** Task item **
The data below should be restated word for word, with every picture omitted.

** Study material **
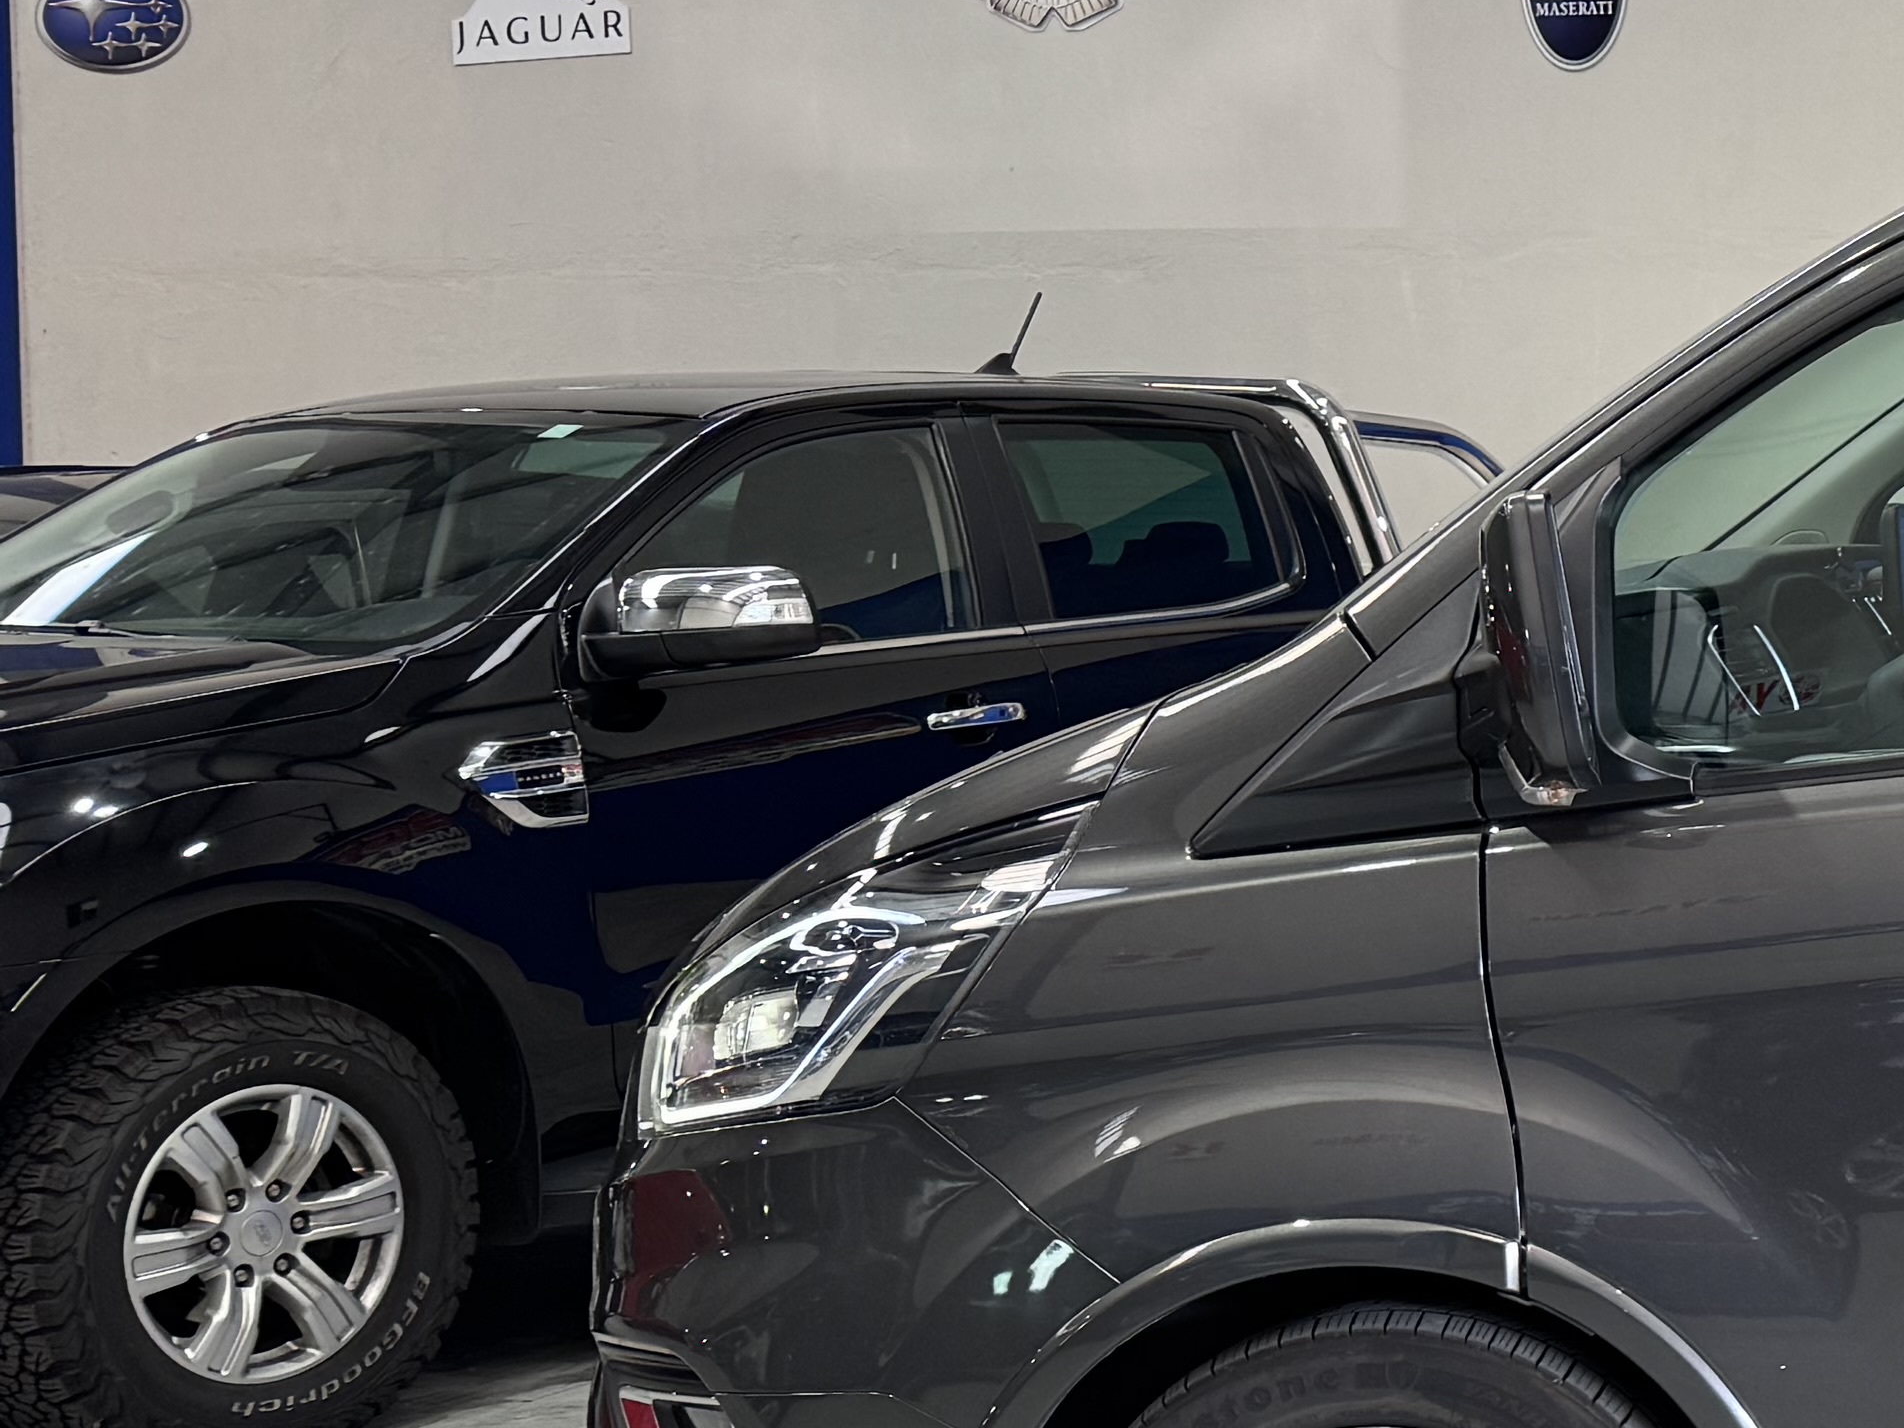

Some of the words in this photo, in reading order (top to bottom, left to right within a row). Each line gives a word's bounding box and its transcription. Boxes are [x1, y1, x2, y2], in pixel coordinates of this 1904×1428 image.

[456, 9, 624, 55] JAGUAR
[1535, 0, 1614, 17] MASERATI
[105, 1053, 273, 1223] All-Terrain
[292, 1049, 350, 1077] T/A
[230, 1271, 431, 1417] BFGoodrich
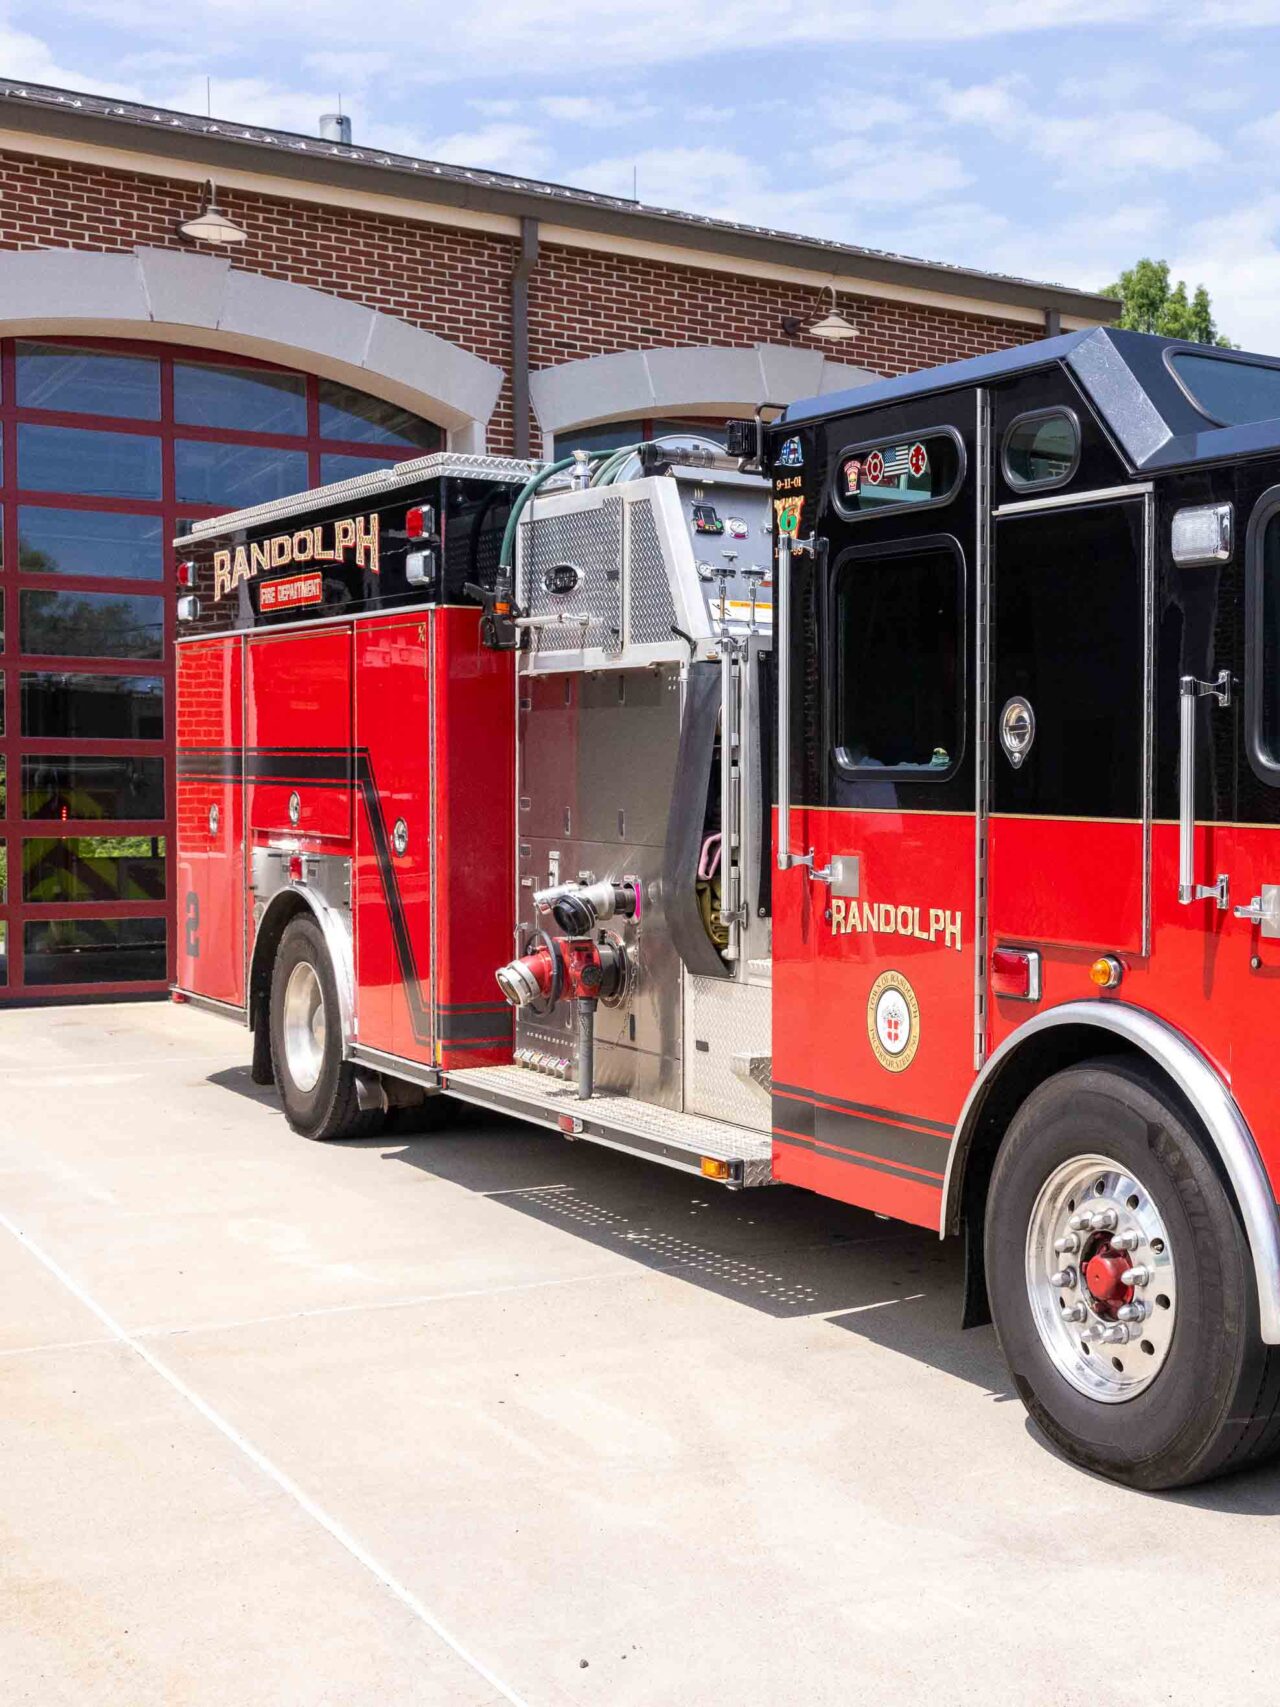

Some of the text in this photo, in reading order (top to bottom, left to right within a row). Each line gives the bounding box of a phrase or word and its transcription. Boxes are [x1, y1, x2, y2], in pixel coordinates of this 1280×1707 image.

** Your response **
Some of the words in this photo, in reading order (top to bottom, left to right within a row). Each line gives a word's bounding box and its transcription. Boxes are [x1, y1, x2, y2], in pixel coordinates of this 1904×1428 image.

[456, 9, 624, 55] JAGUAR
[1535, 0, 1614, 17] MASERATI
[105, 1053, 273, 1223] All-Terrain
[292, 1049, 350, 1077] T/A
[230, 1271, 431, 1417] BFGoodrich

Some of the text in this photo, in reading order (top to bottom, left to right within a row). Each line gives the bounding box of a phrase or word and its transcription. Boxes are [x1, y1, x2, y2], in pixel coordinates of this 1280×1707 image.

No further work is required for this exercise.